Dataset entries

++++++

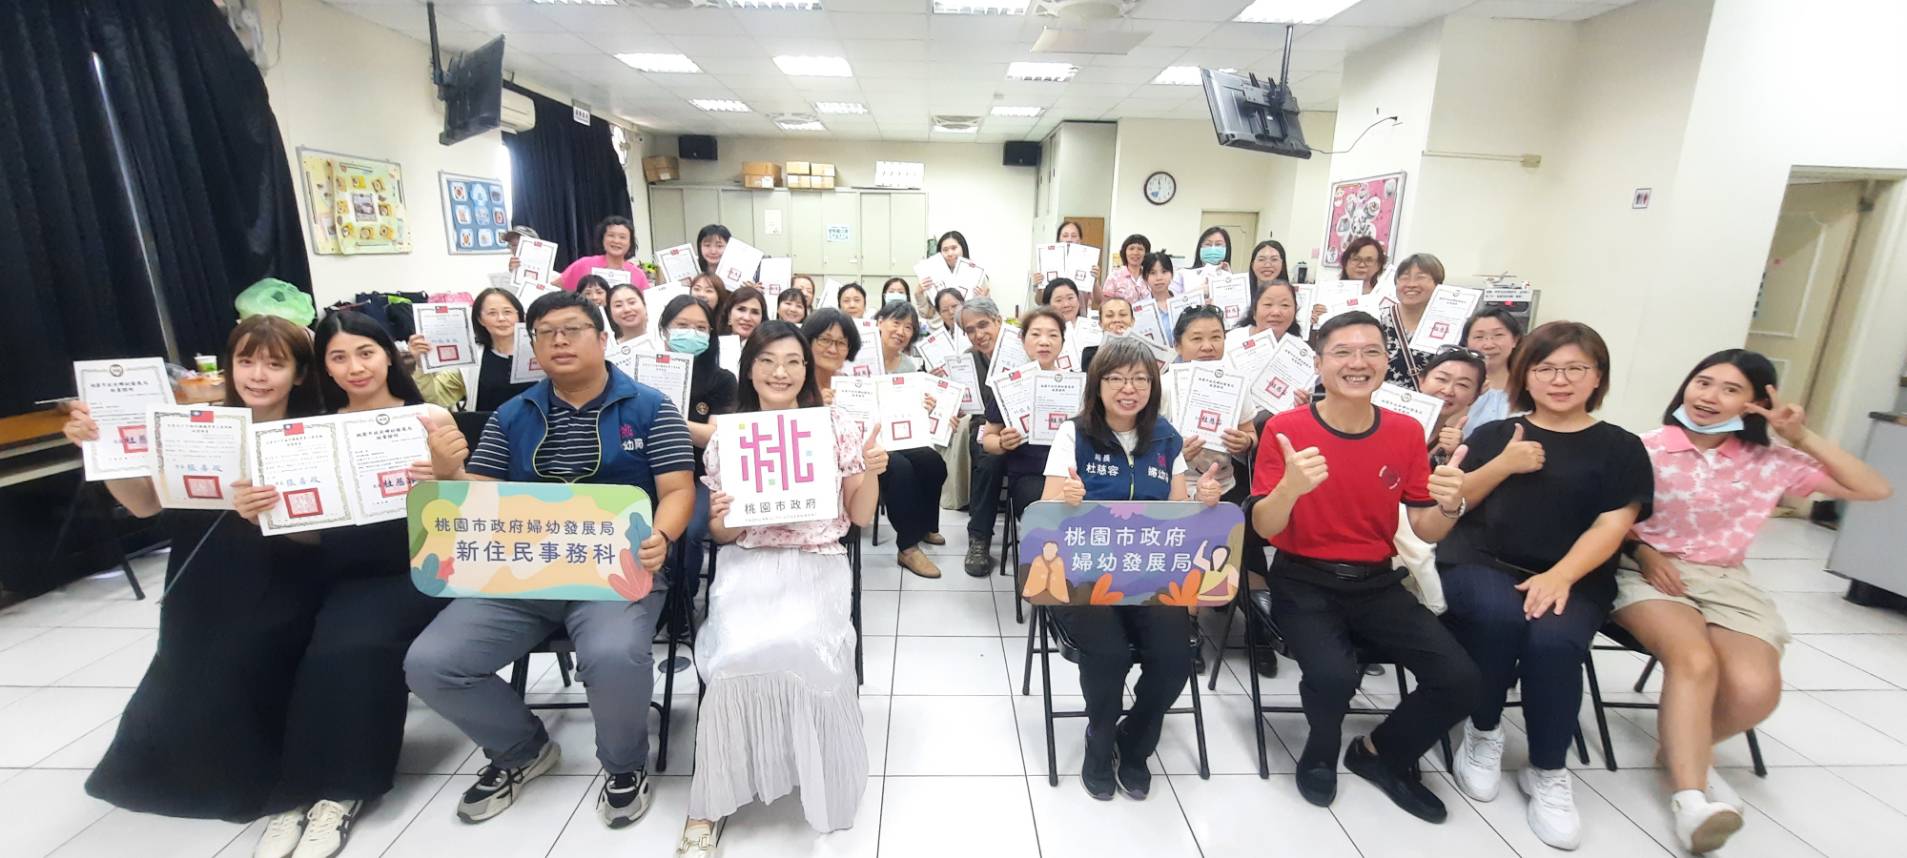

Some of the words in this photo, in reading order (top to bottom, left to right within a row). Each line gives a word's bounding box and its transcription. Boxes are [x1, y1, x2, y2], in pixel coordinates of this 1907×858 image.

[1086, 462, 1120, 477] 杜慈容
[744, 498, 817, 515] 桃園市政府
[434, 517, 616, 536] 桃園市政府婦幼發展局
[1063, 526, 1188, 548] 桃園市政府
[456, 540, 617, 565] 新住民事務科
[1071, 552, 1193, 573] 婦幼發展局
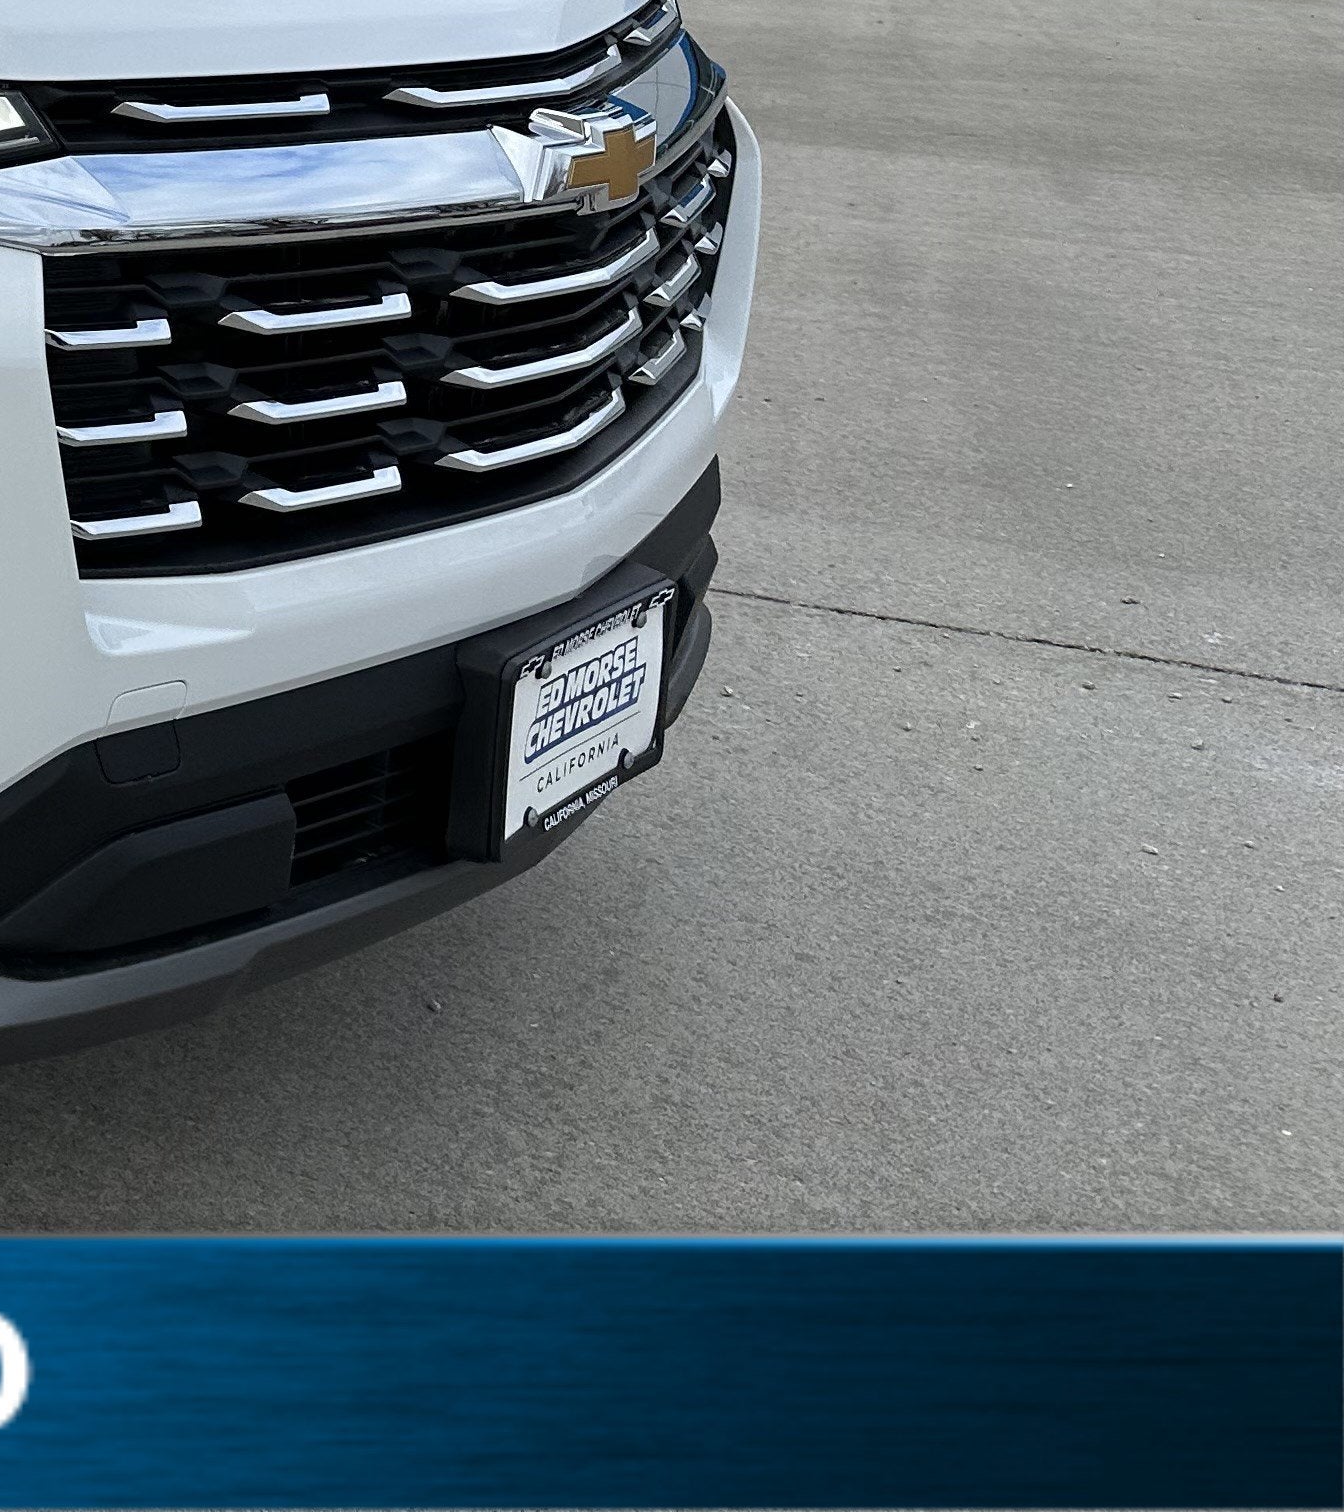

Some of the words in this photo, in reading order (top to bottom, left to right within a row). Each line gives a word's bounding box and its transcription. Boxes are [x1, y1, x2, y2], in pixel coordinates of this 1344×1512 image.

[525, 664, 646, 760] CHEVROLET
[536, 675, 566, 718] ED
[563, 637, 638, 704] MORSE
[536, 731, 620, 794] CALIFORNIA

++++++

* Exercise details
Set each line of the records down again exactly as it reads. Omit the pictures.

* Response area
Some of the words in this photo, in reading order (top to bottom, left to right within a row). Each line gives a word's bounding box and its transcription. Boxes are [x1, y1, x2, y2], in pixel coordinates of this 1907×858 image.

[1086, 462, 1120, 477] 杜慈容
[744, 498, 817, 515] 桃園市政府
[434, 517, 616, 536] 桃園市政府婦幼發展局
[1063, 526, 1188, 548] 桃園市政府
[456, 540, 617, 565] 新住民事務科
[1071, 552, 1193, 573] 婦幼發展局

Some of the words in this photo, in reading order (top to bottom, left to right within a row). Each line gives a word's bounding box and its transcription. Boxes are [x1, y1, x2, y2], in pixel coordinates of this 1344×1512 image.

[525, 664, 646, 760] CHEVROLET
[536, 675, 566, 718] ED
[563, 637, 638, 704] MORSE
[536, 731, 620, 794] CALIFORNIA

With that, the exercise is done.